W Campbell et al. Crit Care Med. 1999 Apr.

Abstract

Objective: To determine if head-injured patients with premorbid nasal colonization with Staphylococcus aureus are at increased risk for S. aureus infection.

Design: Patients admitted over a 2-yr period were enrolled if they met the following criteria: Injury Severity Score > or = 9, intensive care unit (ICU) admission, hospitalization in another hospital < 24 hrs, no recent use of antibiotics.

Setting: Acute care trauma facility.

Patients: Any patient sustaining acute, blunt, or penetrating injury and meeting the enrollement criteria were eligible.

Interventions: Swab cultures of both internal nares were performed within 72 hrs of readmission and cultured for S. Aureus.

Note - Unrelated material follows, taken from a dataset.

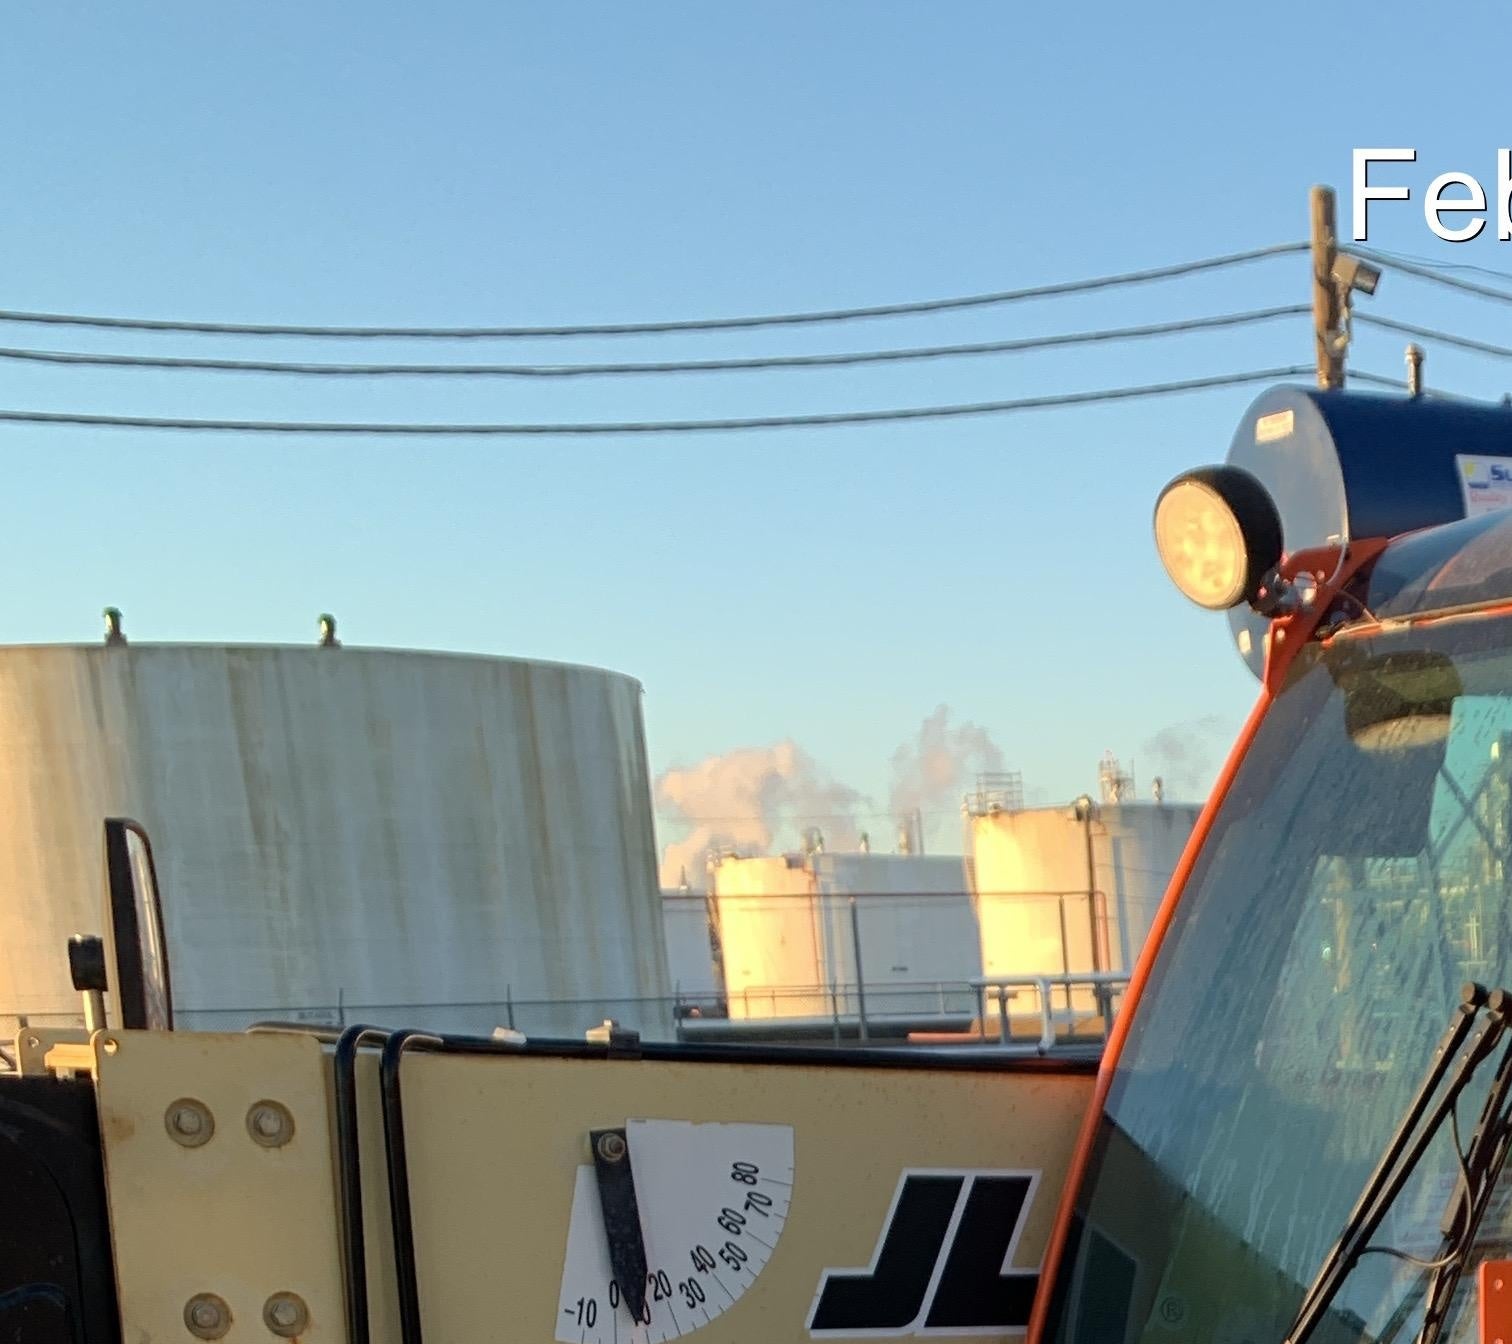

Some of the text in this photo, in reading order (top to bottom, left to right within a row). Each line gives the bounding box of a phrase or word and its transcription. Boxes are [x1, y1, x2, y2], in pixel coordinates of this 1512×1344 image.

Patients were prospectively monitored for S. Aureus infections until discharge.

Measurements and main results: Admission nasal cultures were positive (NC+) for S. aureus in 144 of the 776 patients cultured. Forty of the 144 NC+ patients had isolated head (37) or high cervical spine (3) injury, and 11 of that group (27.5%) developed S. aureus infections. The remaining 104 patients positive for S. aureus on admission had no head injury (74) or head combined with torso and extremity injuries (30). S. aureus infection was diagnosed in 11 of the 104 patients (10.6%). The difference in incidence of infections is significant (p <.01), as is the difference in incidence of pneumonia (20% vs. 3.8%, respectively [p <.01]). Organisms causing pneumonia were often the same organisms isolated from the nares on admission.

Conclusions: Nasal colonization with S. aureus at the time of severe head injury increases the risk of S. aureus pneumonia during hospitalization. Prophylactic measures against S. aureus pneumonia may help reduce the length and cost of hospitalization.